### Problem to solve:
Print out every entry, keeping each line identical to the original.

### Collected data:

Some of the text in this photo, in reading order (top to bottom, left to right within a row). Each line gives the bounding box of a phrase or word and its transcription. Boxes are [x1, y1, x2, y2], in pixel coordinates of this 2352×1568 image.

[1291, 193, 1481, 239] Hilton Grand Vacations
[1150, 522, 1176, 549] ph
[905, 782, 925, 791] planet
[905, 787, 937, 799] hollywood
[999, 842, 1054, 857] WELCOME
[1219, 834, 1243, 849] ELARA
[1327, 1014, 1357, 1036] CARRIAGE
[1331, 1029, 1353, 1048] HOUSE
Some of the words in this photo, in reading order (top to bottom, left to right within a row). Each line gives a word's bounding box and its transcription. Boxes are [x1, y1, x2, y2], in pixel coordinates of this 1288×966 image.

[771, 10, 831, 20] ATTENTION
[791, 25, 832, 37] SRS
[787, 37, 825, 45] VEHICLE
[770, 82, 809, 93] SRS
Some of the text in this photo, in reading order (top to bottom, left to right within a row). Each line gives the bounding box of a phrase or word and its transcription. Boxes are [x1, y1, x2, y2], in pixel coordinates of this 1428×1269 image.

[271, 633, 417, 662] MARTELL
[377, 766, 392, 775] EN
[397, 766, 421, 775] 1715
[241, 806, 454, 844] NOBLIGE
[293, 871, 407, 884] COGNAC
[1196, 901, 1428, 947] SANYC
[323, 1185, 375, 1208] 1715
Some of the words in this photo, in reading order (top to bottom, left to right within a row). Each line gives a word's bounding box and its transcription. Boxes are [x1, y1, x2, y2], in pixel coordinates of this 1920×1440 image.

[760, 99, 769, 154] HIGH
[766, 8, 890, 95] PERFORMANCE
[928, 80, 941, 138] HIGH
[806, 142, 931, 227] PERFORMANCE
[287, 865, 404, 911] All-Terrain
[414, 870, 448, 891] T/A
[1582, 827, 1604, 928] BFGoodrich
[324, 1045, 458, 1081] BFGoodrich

### Finished exercise:
Some of the text in this photo, in reading order (top to bottom, left to right within a row). Each line gives the bounding box of a phrase or word and its transcription. Boxes are [x1, y1, x2, y2], in pixel coordinates of this 2352×1568 image.

[1291, 193, 1481, 239] Hilton Grand Vacations
[1150, 522, 1176, 549] ph
[905, 782, 925, 791] planet
[905, 787, 937, 799] hollywood
[999, 842, 1054, 857] WELCOME
[1219, 834, 1243, 849] ELARA
[1327, 1014, 1357, 1036] CARRIAGE
[1331, 1029, 1353, 1048] HOUSE
Some of the words in this photo, in reading order (top to bottom, left to right within a row). Each line gives a word's bounding box and its transcription. Boxes are [x1, y1, x2, y2], in pixel coordinates of this 1288×966 image.

[771, 10, 831, 20] ATTENTION
[791, 25, 832, 37] SRS
[787, 37, 825, 45] VEHICLE
[770, 82, 809, 93] SRS
Some of the text in this photo, in reading order (top to bottom, left to right within a row). Each line gives the bounding box of a phrase or word and its transcription. Boxes are [x1, y1, x2, y2], in pixel coordinates of this 1428×1269 image.

[271, 633, 417, 662] MARTELL
[377, 766, 392, 775] EN
[397, 766, 421, 775] 1715
[241, 806, 454, 844] NOBLIGE
[293, 871, 407, 884] COGNAC
[1196, 901, 1428, 947] SANYC
[323, 1185, 375, 1208] 1715
Some of the words in this photo, in reading order (top to bottom, left to right within a row). Each line gives a word's bounding box and its transcription. Boxes are [x1, y1, x2, y2], in pixel coordinates of this 1920×1440 image.

[760, 99, 769, 154] HIGH
[766, 8, 890, 95] PERFORMANCE
[928, 80, 941, 138] HIGH
[806, 142, 931, 227] PERFORMANCE
[287, 865, 404, 911] All-Terrain
[414, 870, 448, 891] T/A
[1582, 827, 1604, 928] BFGoodrich
[324, 1045, 458, 1081] BFGoodrich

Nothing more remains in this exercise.